The 2016 Israel State Cup final decided the winner of the 2015–16 Israel State Cup, the 81st season of Israel's main football cup. It was played on May 24, 2016 at the Teddy Stadium in Jerusalem, between Maccabi Tel Aviv and Maccabi Haifa.

==Background==
Maccabi Tel Aviv had previously played 34 Israel Cup Finals, had won the competition a record 23 times. Their most recent appearance in the final was the previous year's edition, in which they won 6–2 over Hapoel Beer Sheva at Sammy Ofer in Haifa.
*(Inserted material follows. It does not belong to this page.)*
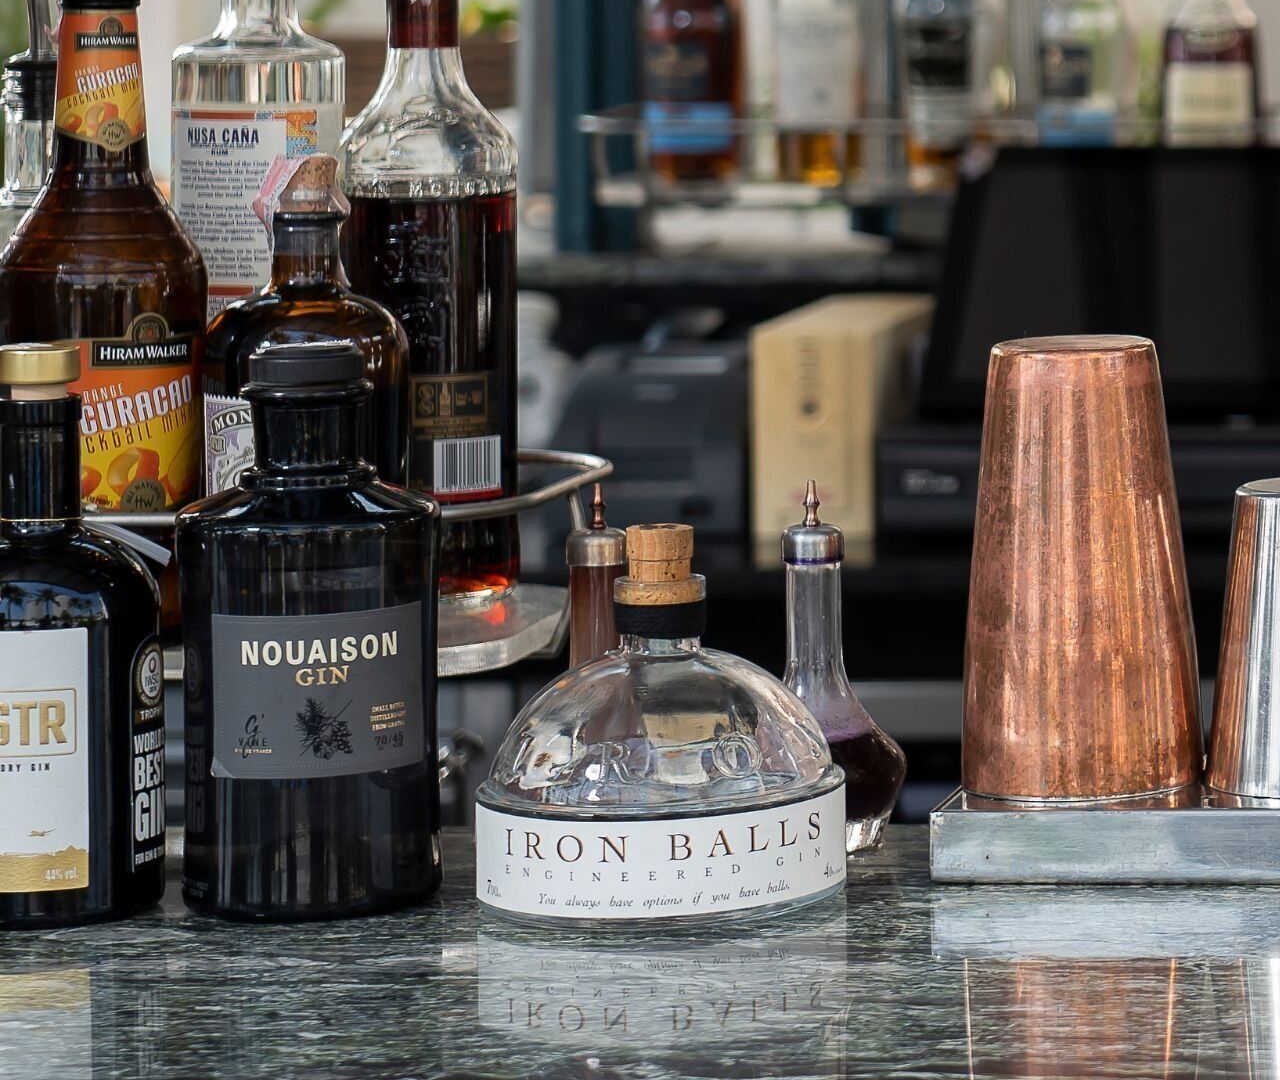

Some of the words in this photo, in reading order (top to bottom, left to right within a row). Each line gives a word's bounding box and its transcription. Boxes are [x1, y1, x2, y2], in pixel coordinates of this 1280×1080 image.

Maccabi Haifa had previously played in 15 finals, winning five. Their most recent appearance in the final was the previous year's edition, in which they lost 2–1 to Hapoel Tel Aviv, and their most recent victory in the tournament was in 1998, beating Hapoel Jerusalem 2–0.

Maccabi Tel Aviv and Maccabi Haifa had played each other in four previous finals of the tournament. Maccabi Tel Aviv won in 2002 and 1987, and Maccabi Haifa won in 1962 and 1993.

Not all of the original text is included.